European composers are famous for turning folk music into concert-hall music. Dvorak, for instance, based his ninth symphony and Slavonic Dance cycle on Czech folk songs. Tchaikovsky’s second symphony and many of his ballet melodies are permutations of Russian folk songs. And Bartok’s Romanian Folk Dances, children’s piano booklets, and second violin concerto are all based on Hungarian and Romanian folk songs. But the Americans are not too far behind. Despite having a few hundred less years of folk music to glean from, many American composers have adapted American folk music for the concert stage. The best example is Aaron Copland, who wrote entire symphonies and ballets based on Shaker hymns and Appalachian fiddle tunes. But others have followed in his footsteps, including Las Vegas-based composer Michael Torke, whose recent recording of his bluegrass-inspired violin concerto Sky with Kentucky-born violinist Tessa Lark presents the latest of his efforts at bringing folk music into the concert hall. 
Torke has spent the better part of three decades composing music for the top ensembles in the world. He has been referred to as a post-minimalist composer. (The term “minimalism” refers to a school of composition that emerged in the 1960s—in reaction to the complex serialism of the Second Viennese school (early 1900s)—and featured limited tonal ranges, repetitive patterns, and static, consonant harmonies). Yet I’ve always thought of Torke has a pure minimalist. Most of his previous albums have featured the same punchy repetitiveness that one finds in the music of Steve Reich and other prominent minimalists.

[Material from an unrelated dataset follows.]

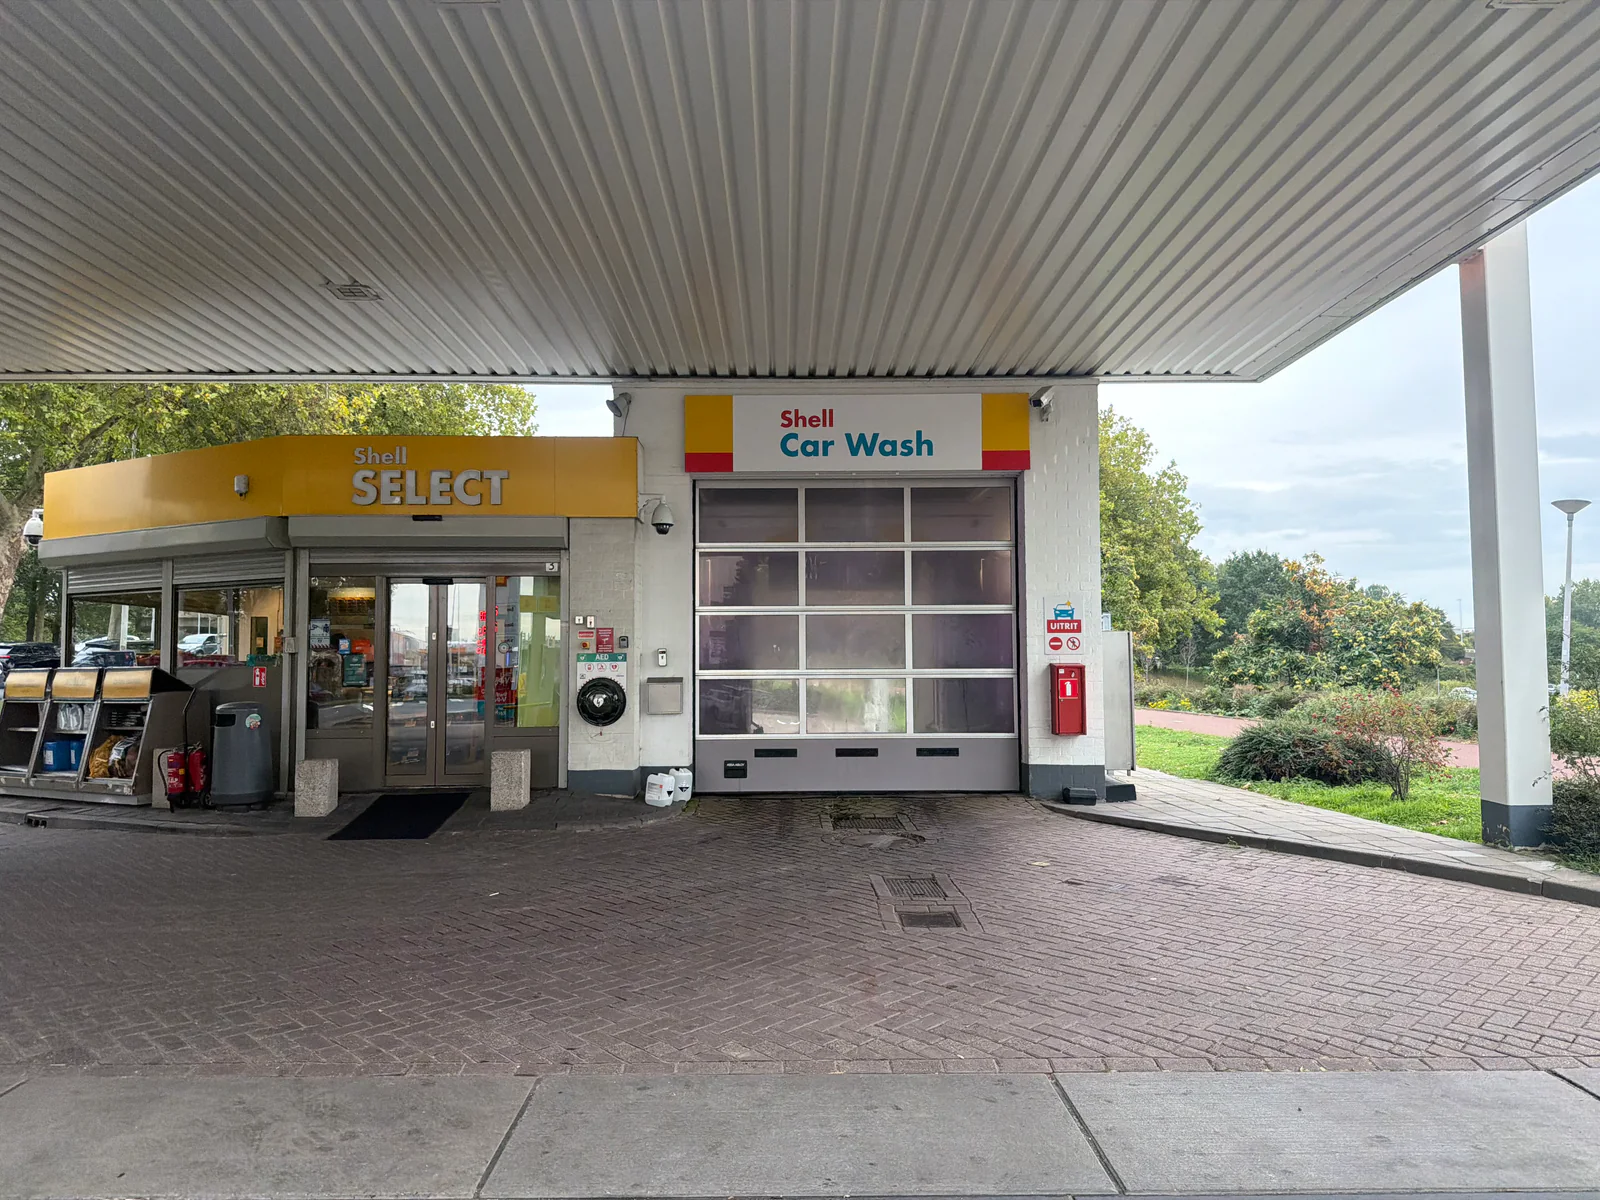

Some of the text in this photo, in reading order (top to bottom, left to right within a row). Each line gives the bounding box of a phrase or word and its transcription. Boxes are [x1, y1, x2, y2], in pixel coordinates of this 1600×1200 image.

With that said, I believe Sky’s pairing of minimalist rhythms with traditional classical structures comes closer to being post-minimalist than any of Torke’s previous works.
Why “Sky?” Well, as Torke says, “I felt an openness when writing this piece, a renewed freshness to putting notes together.” Openness and freshness are fitting terms, I think. One can hear strains of an almost Copland-esque expansiveness, a frontier-like youthfulness, the sort of fresh and jaunty sound that has characterized American classical music since at least the mid-20th century. This is not to say that the bluegrass aspect of the concerto isn’t immediately apparent. On the contrary, every note from the opening to the final flourish seems as if it could have been dropped straight from an Appalachian mountain-top onto Torke’s score.

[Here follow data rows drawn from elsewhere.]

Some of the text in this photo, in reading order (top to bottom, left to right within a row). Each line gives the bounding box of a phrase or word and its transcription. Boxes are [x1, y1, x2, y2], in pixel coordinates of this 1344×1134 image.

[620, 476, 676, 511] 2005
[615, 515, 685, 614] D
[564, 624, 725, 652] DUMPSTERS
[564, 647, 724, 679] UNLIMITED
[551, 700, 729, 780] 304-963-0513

In the first movement, Torke accomplishes this effect through wonderfully inventive syncopation dispersed between the solo violin, pizzicato strings, and tambourine. By introducing a new flavor of syncopation each time the initial melody returns, Torke manages to capture the cyclical nature of fiddle music without being monotonous. The same could be said of the third and final movement, which brings back many of the first movement’s rhythmic devices in a triplet-centered format. The only difference is the foot-stomping rampage to the finish.
The high point of the concerto, however, is the second movement. Aptly titled Wistful, this movement presents the listener with three different Irish reels, beginning with a plaintive lament played by the violin soloist. I found this theme to be the most emotionally powerful moment in the concerto. Second is a quick, light-footed reel that suggests a country wedding or harvest festival, and last is a triplet-centered dance tune. Torke has the solo violin play the triplet tune in unison with the flutes, a brilliant move that heightens the Irishness of the music and intensifies the whirling energy of the dance. Then the movement returns to the lilting first theme, and our tour of Ireland is complete.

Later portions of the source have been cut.